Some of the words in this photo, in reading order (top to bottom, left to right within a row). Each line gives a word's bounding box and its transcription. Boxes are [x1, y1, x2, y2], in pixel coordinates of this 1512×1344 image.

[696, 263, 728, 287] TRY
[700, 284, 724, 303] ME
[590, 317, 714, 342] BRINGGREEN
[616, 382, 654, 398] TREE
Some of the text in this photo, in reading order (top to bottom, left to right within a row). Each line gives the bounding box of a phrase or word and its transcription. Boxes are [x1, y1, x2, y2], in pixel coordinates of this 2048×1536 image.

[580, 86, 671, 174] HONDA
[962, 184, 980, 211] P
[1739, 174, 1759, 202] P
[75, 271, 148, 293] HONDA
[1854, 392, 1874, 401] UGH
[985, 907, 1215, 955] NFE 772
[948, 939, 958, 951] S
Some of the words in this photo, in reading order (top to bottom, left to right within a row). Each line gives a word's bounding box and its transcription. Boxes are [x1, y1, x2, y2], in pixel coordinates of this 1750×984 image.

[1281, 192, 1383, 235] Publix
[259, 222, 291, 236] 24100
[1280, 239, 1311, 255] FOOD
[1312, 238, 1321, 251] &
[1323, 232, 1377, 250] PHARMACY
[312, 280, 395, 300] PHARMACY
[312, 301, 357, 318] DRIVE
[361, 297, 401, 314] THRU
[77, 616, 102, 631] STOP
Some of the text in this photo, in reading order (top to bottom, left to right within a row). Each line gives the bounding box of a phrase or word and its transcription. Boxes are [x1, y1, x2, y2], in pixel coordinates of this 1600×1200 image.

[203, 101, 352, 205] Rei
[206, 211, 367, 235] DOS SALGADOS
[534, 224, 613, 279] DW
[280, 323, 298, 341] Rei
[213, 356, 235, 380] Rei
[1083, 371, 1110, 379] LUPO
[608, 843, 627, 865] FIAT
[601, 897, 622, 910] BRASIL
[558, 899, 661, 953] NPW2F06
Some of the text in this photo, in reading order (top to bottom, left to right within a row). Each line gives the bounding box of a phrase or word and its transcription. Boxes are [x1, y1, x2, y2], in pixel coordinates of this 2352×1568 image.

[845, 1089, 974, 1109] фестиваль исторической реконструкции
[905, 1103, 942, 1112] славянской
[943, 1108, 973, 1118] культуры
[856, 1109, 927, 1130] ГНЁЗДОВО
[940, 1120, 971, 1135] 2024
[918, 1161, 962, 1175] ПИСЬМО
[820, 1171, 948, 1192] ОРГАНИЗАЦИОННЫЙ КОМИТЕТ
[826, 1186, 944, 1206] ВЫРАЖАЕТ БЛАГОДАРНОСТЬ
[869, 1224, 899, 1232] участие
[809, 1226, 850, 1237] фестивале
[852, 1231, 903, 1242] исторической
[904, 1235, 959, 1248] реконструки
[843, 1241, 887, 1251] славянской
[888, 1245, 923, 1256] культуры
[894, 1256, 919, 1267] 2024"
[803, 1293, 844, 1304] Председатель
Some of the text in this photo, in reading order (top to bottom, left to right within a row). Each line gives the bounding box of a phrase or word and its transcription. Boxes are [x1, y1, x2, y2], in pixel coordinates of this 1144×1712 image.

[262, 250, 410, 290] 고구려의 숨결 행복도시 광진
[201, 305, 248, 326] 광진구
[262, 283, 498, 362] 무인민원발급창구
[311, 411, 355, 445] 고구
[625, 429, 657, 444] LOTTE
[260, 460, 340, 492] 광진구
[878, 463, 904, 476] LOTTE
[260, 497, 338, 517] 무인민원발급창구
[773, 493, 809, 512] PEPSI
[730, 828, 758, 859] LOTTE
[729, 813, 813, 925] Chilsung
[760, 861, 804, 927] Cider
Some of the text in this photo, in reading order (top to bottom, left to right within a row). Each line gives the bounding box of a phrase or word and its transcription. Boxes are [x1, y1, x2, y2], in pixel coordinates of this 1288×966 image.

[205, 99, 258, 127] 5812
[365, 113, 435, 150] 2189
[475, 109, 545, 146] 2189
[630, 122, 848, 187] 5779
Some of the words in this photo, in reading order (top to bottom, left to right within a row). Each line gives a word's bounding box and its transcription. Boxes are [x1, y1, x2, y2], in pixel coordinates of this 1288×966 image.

....

:: What is required ::
Your response must repeat the entries above exactly, in full.

:: Exercise output ::
Some of the words in this photo, in reading order (top to bottom, left to right within a row). Each line gives a word's bounding box and its transcription. Boxes are [x1, y1, x2, y2], in pixel coordinates of this 1512×1344 image.

[696, 263, 728, 287] TRY
[700, 284, 724, 303] ME
[590, 317, 714, 342] BRINGGREEN
[616, 382, 654, 398] TREE
Some of the text in this photo, in reading order (top to bottom, left to right within a row). Each line gives the bounding box of a phrase or word and its transcription. Boxes are [x1, y1, x2, y2], in pixel coordinates of this 2048×1536 image.

[580, 86, 671, 174] HONDA
[962, 184, 980, 211] P
[1739, 174, 1759, 202] P
[75, 271, 148, 293] HONDA
[1854, 392, 1874, 401] UGH
[985, 907, 1215, 955] NFE 772
[948, 939, 958, 951] S
Some of the words in this photo, in reading order (top to bottom, left to right within a row). Each line gives a word's bounding box and its transcription. Boxes are [x1, y1, x2, y2], in pixel coordinates of this 1750×984 image.

[1281, 192, 1383, 235] Publix
[259, 222, 291, 236] 24100
[1280, 239, 1311, 255] FOOD
[1312, 238, 1321, 251] &
[1323, 232, 1377, 250] PHARMACY
[312, 280, 395, 300] PHARMACY
[312, 301, 357, 318] DRIVE
[361, 297, 401, 314] THRU
[77, 616, 102, 631] STOP
Some of the text in this photo, in reading order (top to bottom, left to right within a row). Each line gives the bounding box of a phrase or word and its transcription. Boxes are [x1, y1, x2, y2], in pixel coordinates of this 1600×1200 image.

[203, 101, 352, 205] Rei
[206, 211, 367, 235] DOS SALGADOS
[534, 224, 613, 279] DW
[280, 323, 298, 341] Rei
[213, 356, 235, 380] Rei
[1083, 371, 1110, 379] LUPO
[608, 843, 627, 865] FIAT
[601, 897, 622, 910] BRASIL
[558, 899, 661, 953] NPW2F06
Some of the text in this photo, in reading order (top to bottom, left to right within a row). Each line gives the bounding box of a phrase or word and its transcription. Boxes are [x1, y1, x2, y2], in pixel coordinates of this 2352×1568 image.

[845, 1089, 974, 1109] фестиваль исторической реконструкции
[905, 1103, 942, 1112] славянской
[943, 1108, 973, 1118] культуры
[856, 1109, 927, 1130] ГНЁЗДОВО
[940, 1120, 971, 1135] 2024
[918, 1161, 962, 1175] ПИСЬМО
[820, 1171, 948, 1192] ОРГАНИЗАЦИОННЫЙ КОМИТЕТ
[826, 1186, 944, 1206] ВЫРАЖАЕТ БЛАГОДАРНОСТЬ
[869, 1224, 899, 1232] участие
[809, 1226, 850, 1237] фестивале
[852, 1231, 903, 1242] исторической
[904, 1235, 959, 1248] реконструки
[843, 1241, 887, 1251] славянской
[888, 1245, 923, 1256] культуры
[894, 1256, 919, 1267] 2024"
[803, 1293, 844, 1304] Председатель
Some of the text in this photo, in reading order (top to bottom, left to right within a row). Each line gives the bounding box of a phrase or word and its transcription. Boxes are [x1, y1, x2, y2], in pixel coordinates of this 1144×1712 image.

[262, 250, 410, 290] 고구려의 숨결 행복도시 광진
[201, 305, 248, 326] 광진구
[262, 283, 498, 362] 무인민원발급창구
[311, 411, 355, 445] 고구
[625, 429, 657, 444] LOTTE
[260, 460, 340, 492] 광진구
[878, 463, 904, 476] LOTTE
[260, 497, 338, 517] 무인민원발급창구
[773, 493, 809, 512] PEPSI
[730, 828, 758, 859] LOTTE
[729, 813, 813, 925] Chilsung
[760, 861, 804, 927] Cider
Some of the text in this photo, in reading order (top to bottom, left to right within a row). Each line gives the bounding box of a phrase or word and its transcription. Boxes are [x1, y1, x2, y2], in pixel coordinates of this 1288×966 image.

[205, 99, 258, 127] 5812
[365, 113, 435, 150] 2189
[475, 109, 545, 146] 2189
[630, 122, 848, 187] 5779
Some of the words in this photo, in reading order (top to bottom, left to right within a row). Each line gives a word's bounding box and its transcription. Boxes are [x1, y1, x2, y2], in pixel coordinates of this 1288×966 image.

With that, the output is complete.